There is no single I/O mechanism that is “better” than the others – it is important to understand the pros and cons of each mechanism and the situations where each should be used.

Note that although these mechanisms all deal with I/O, they have different objectives.

In particular, memory mapped I/O and DMA are mechanisms which are used to communicate with peripherals/devices. Polled I/O, interrupt driven I/O and handshaking are used for synchronization and would be used together with DMA or memory mapped I/O.

Memory mapped I/O

  • Same address bus is used to address both memory and I/O devices.
  • Memory addresses are associated with particular I/O devices – when we want to send data to an I/O device, we send it to that memory address; when we want to receive data, we just read from that memory address.
  • Memory and registers on I/O devices are mapped to these address values. An I/O device can then operate as designed on the data in these addresses.

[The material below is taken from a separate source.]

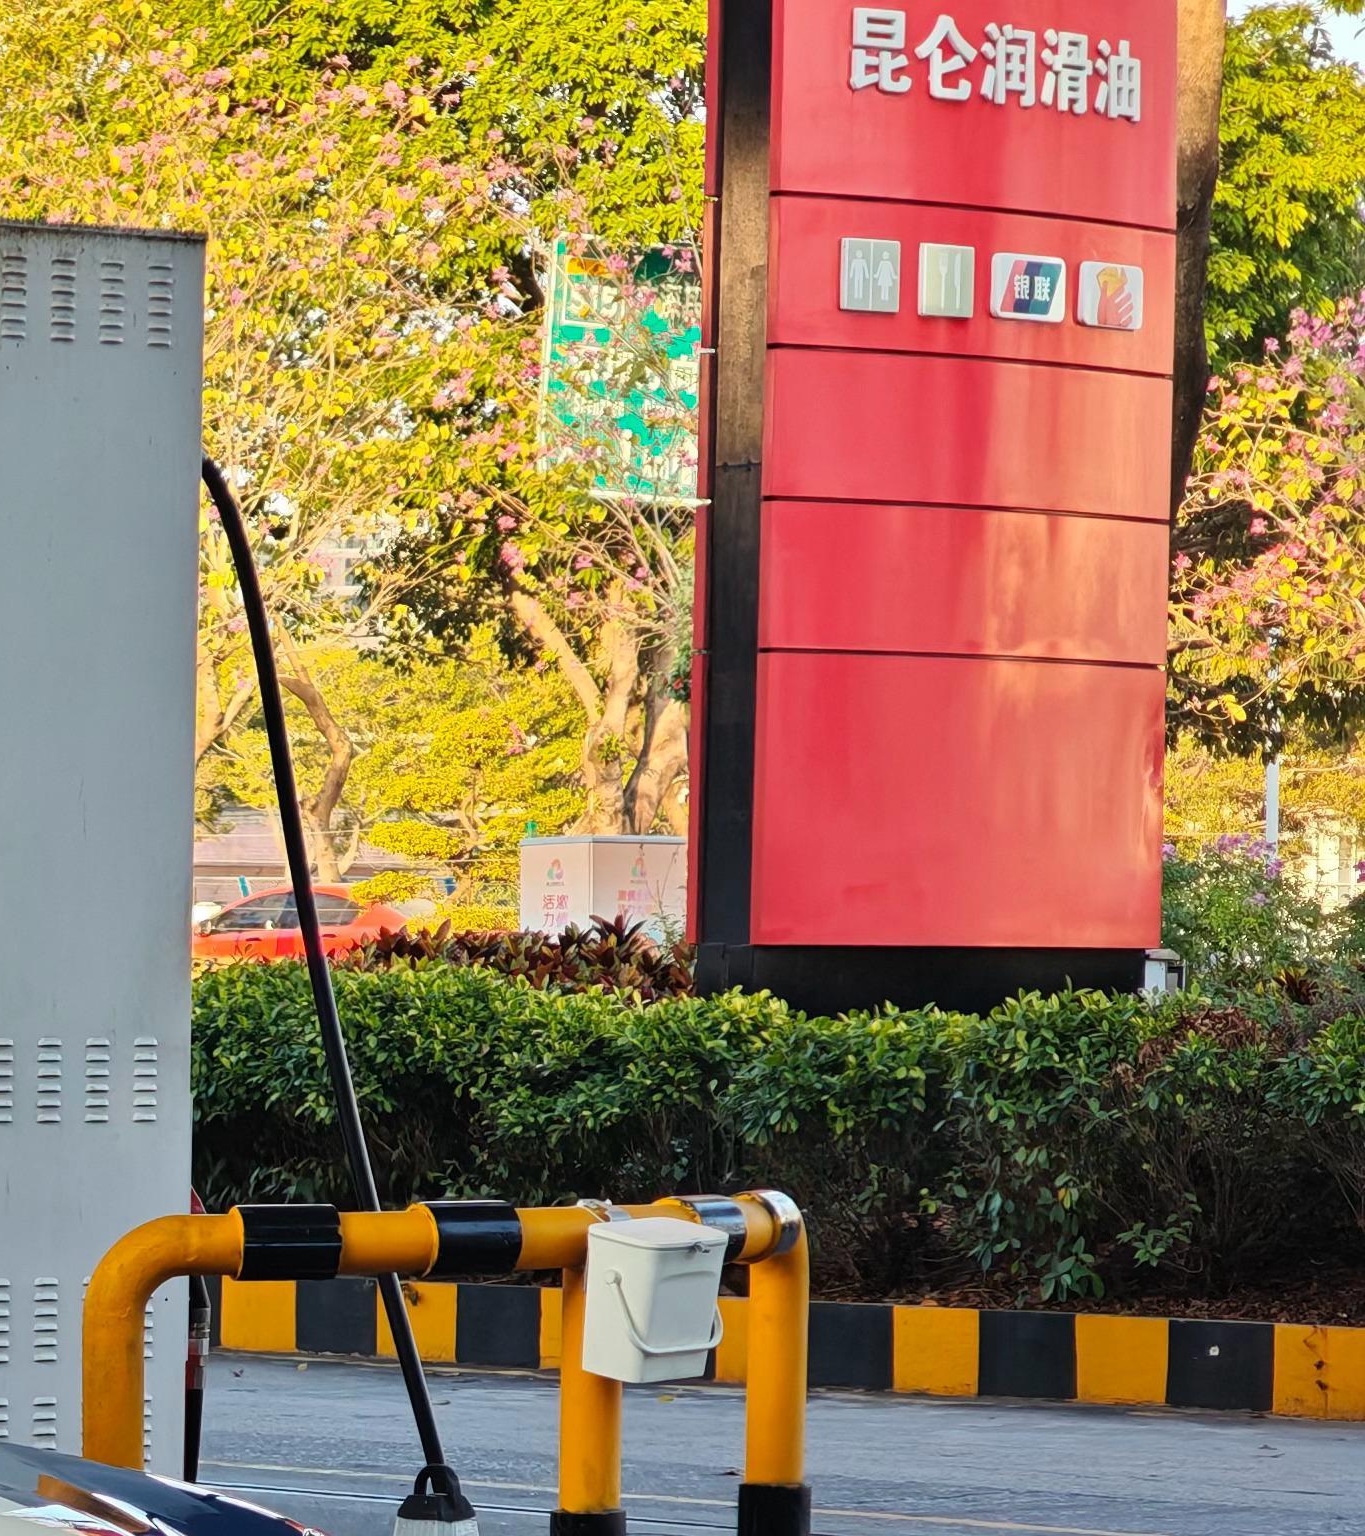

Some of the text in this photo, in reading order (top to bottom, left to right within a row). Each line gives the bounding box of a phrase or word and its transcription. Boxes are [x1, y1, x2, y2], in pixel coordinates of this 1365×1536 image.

[849, 7, 1141, 123] 昆仑润滑油
[1013, 274, 1051, 302] 银联

This means that all addressing modes supported by a CPU are available to I/O.

Advantages. No need for dedicated instructions, or for additional hardware. Addressing modes supported by the CPU are available to I/O.

Disadvantages. We are giving up portions of our memory to I/O devices. This is less of a concern for modern 64-bit processors with more address spaces, but is still relevant when sometimes you have no choice but to use a processor with constrained memory addresses like 16-bit legacy or embedded systems.

Polled I/O

Synchronising I/O devices with our CPUs is one of the biggest challenges associated with I/O systems, as most of our I/O devices operate at much slower speeds than the CPU.

Our CPUs operate much faster than IO devices, so while IO devices are doing their thing, the CPU can do other things.

Busy-wait polling, where your CPU is constantly reading and checking the status of a particular IO device (essentially waiting for it to be ready), is very wasteful of CPU time and power. Only time you not want to do this, is for devoted systems that want to keep checking for the output because it is important (e.g. temperature sensor in nuclear reactor).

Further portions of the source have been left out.